Dead reckoning is a mechanism for incorporating velocity and whatnot into a previously estimated position to estimate a new position (and is also one possible way to implement tracking, usually with compounding errors).
The Kalman filter example is better than just dead reckoning. For a simple example, imagine you're standing still but don't know exactly where. You have an API (like GPS) that can estimate your current position within some tolerance. If you're able to query that API repeatedly and the errors aren't correlated, you can pinpoint your location much more precisely.
Back to tracking with non-zero velocity, every new position estimate (e.g., from GPS) can be incorporated with all the information you've seen so far, adjusting your estimates of velocity, acceleration, and position and giving you a much more accurate current estimate but also better data for dead-reckoning estimates while you wait for your next external signal.

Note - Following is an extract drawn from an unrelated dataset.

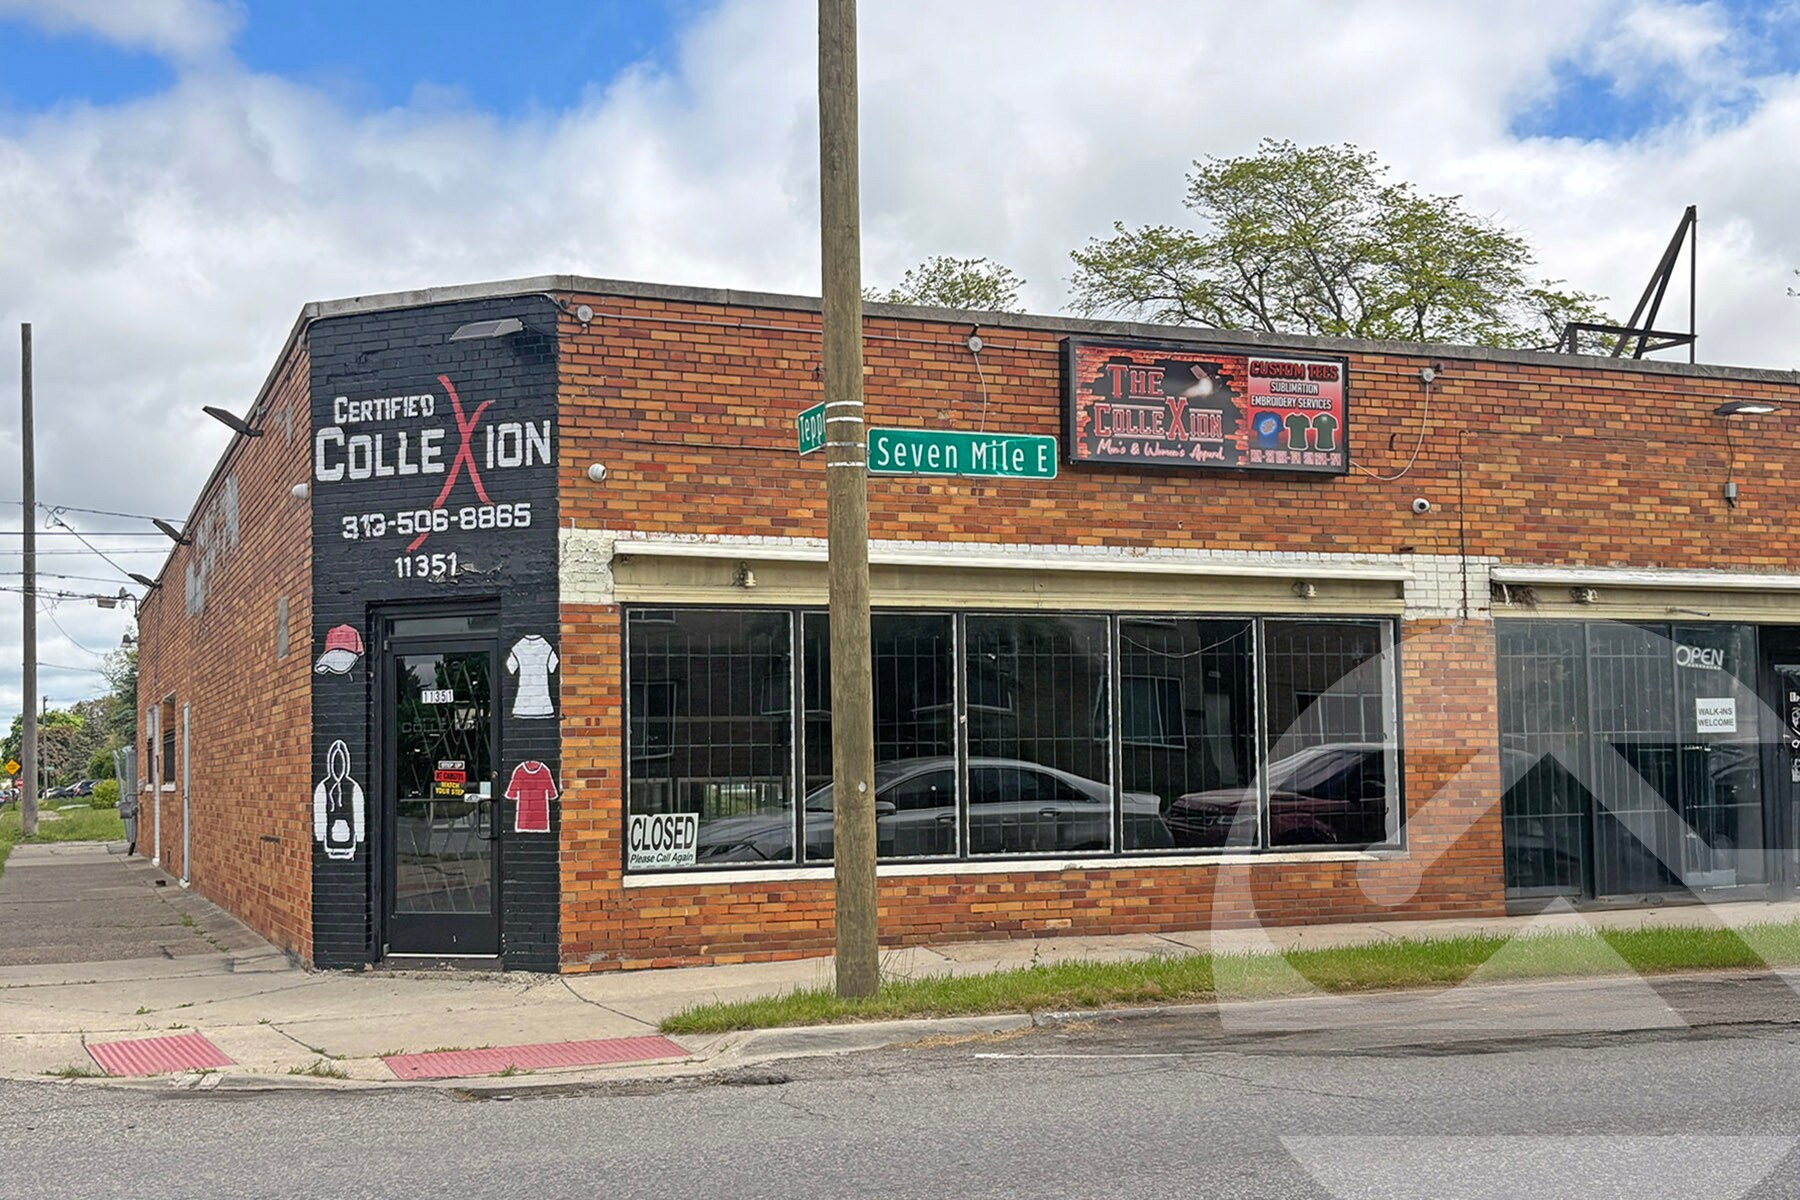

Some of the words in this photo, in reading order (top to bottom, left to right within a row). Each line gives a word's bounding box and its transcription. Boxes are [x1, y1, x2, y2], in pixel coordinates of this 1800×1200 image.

The technique (Kalman Filter) is pretty general. It's just merging all your noisy sources of information according to some ruleset (real-world physics being a common ruleset). You can tack on all sorts of other interesting information, like nearby wifi signals or whatever, and even very noisy signals can aggregate to give precise results.
Another application I threw it at once was estimating my true weight, glycogen reserves, ..., from a variety of noisy measurements. The sky's the limit. You just need multiple measurements and a rule for how they interact.
Dead reckoning is a form of prediction, based on past evidence that indicates location then, you are reckoning (best guessing) a current position and detrmining a direction to move forward to reach some target.
"Past evidence that indicates" is deliberate phrasing, in the majority of these examples we are looking at acquired data with noise; errors, instrument noise, missing returns, etc.
"Tracking" is multi-stage, there's a desired target to be found (or to be declared absent) in noisy data .. that's pattern search and locking, the trajectory (the track) of that target must be best guessed, and the best guess forward prediction can be used to assist the search for the target in a new position.
This is not all that can be done with a Kalman filter but it's typical of a class of common applications.
The one sentence you really need to know:
"The filter is named after Rudolf E. Kálmán (May 19, 1930 – July 2, 2016). In 1960, Kálmán published his famous paper describing a recursive solution to the discrete-data linear filtering problem."
Not sure why, but I get this vague notion that the author might have written a book.